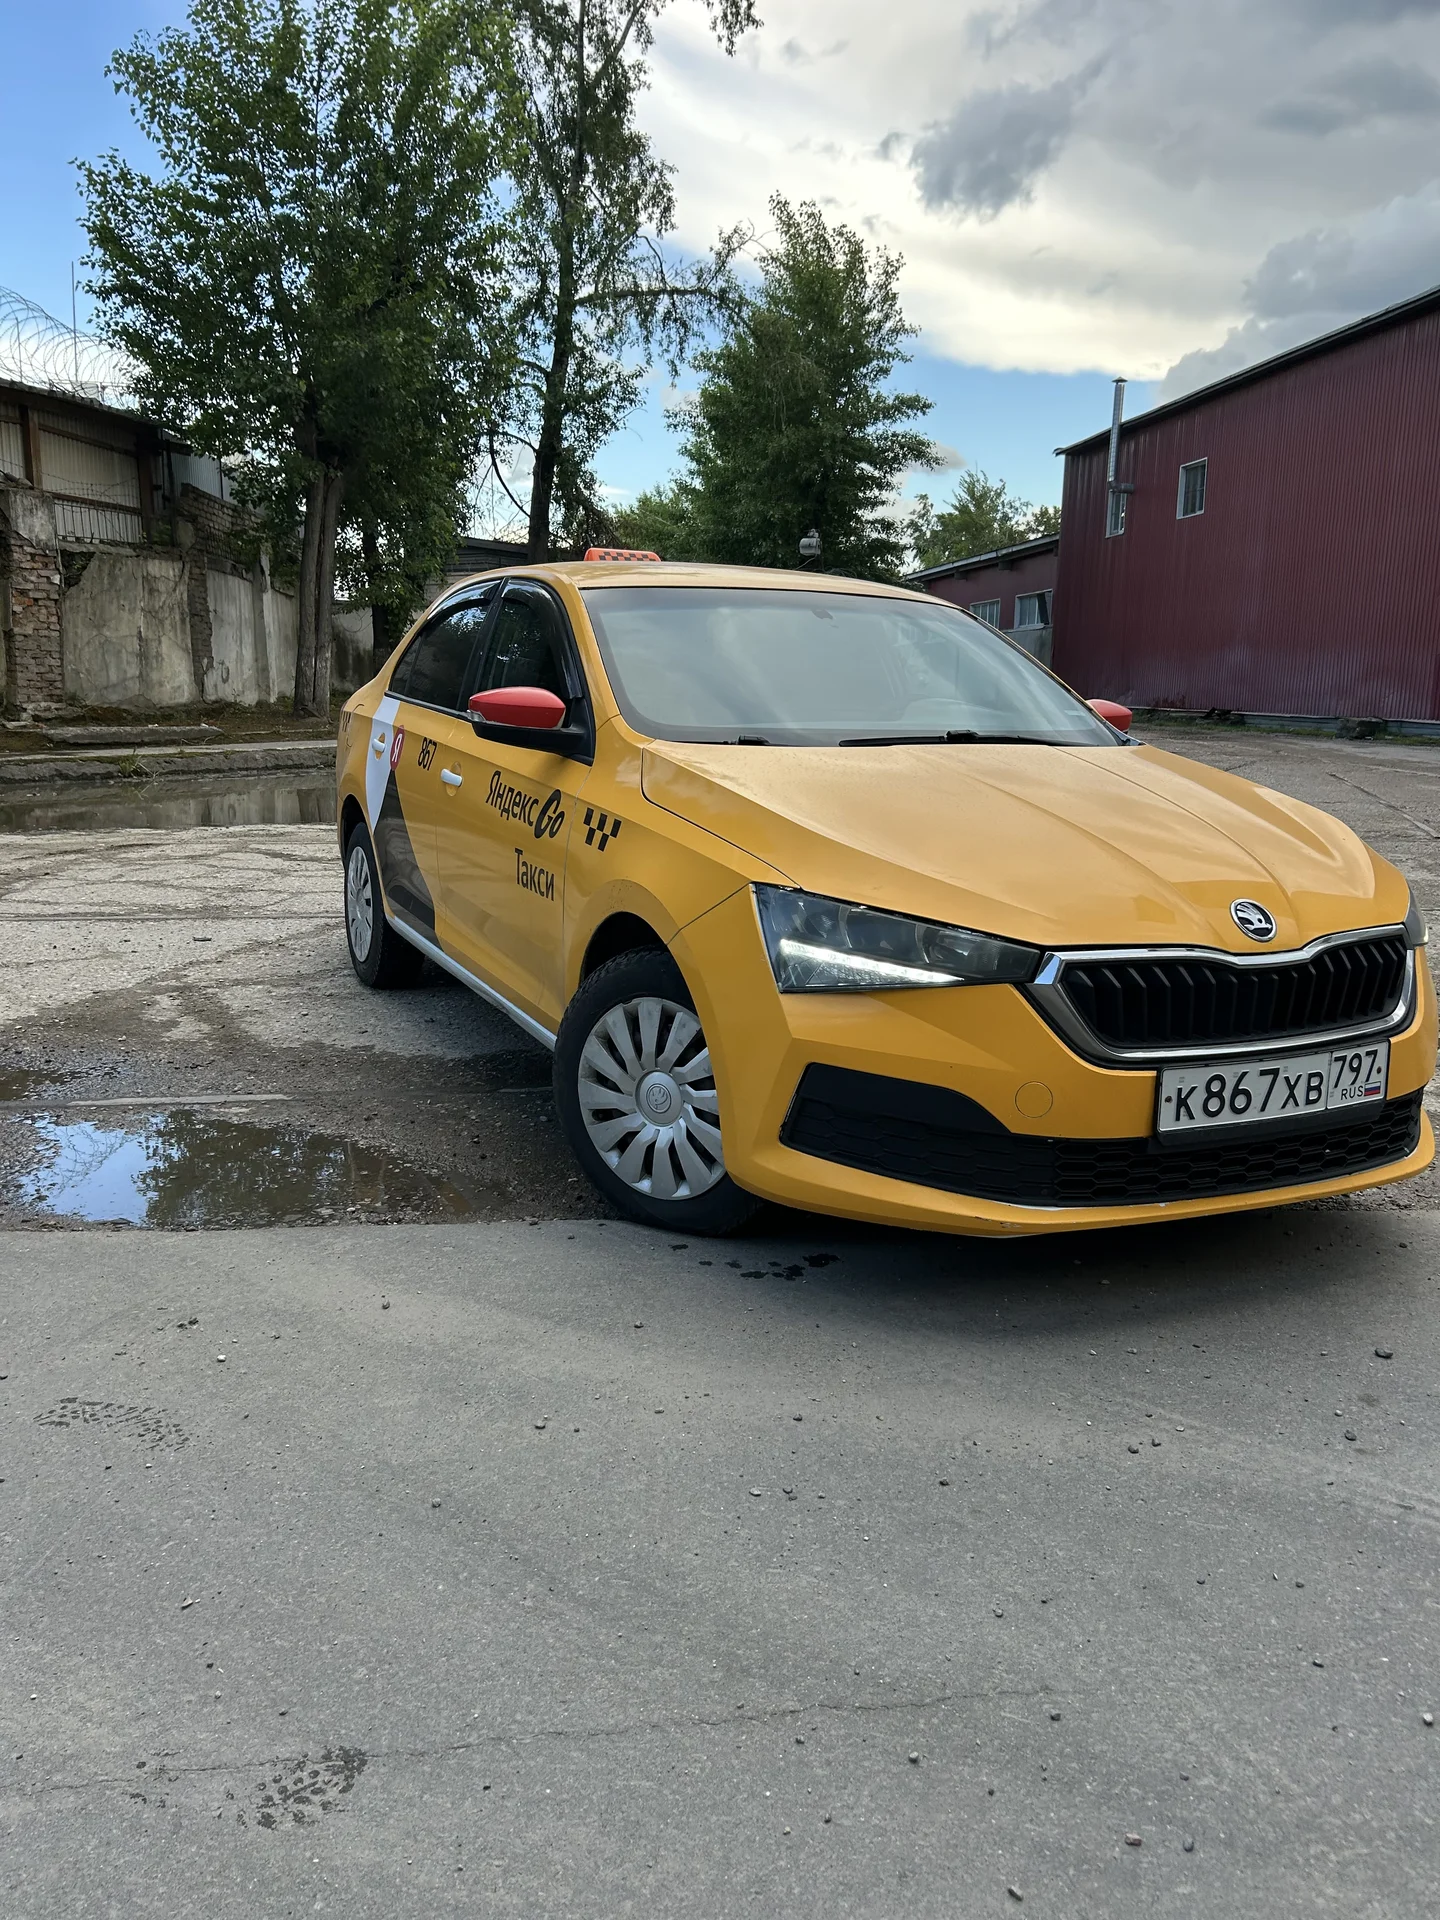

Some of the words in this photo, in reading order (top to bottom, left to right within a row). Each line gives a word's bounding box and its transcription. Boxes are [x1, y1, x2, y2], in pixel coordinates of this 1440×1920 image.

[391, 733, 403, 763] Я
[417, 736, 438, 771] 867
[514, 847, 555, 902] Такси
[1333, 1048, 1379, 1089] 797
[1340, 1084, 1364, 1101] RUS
+ + + +
Your answer must be an exact copy of every entry, with the pictures left out.

● **Reply**:
Some of the words in this photo, in reading order (top to bottom, left to right within a row). Each line gives a word's bounding box and its transcription. Boxes are [x1, y1, x2, y2], in pixel coordinates of this 1440×1920 image.

[391, 733, 403, 763] Я
[417, 736, 438, 771] 867
[514, 847, 555, 902] Такси
[1333, 1048, 1379, 1089] 797
[1340, 1084, 1364, 1101] RUS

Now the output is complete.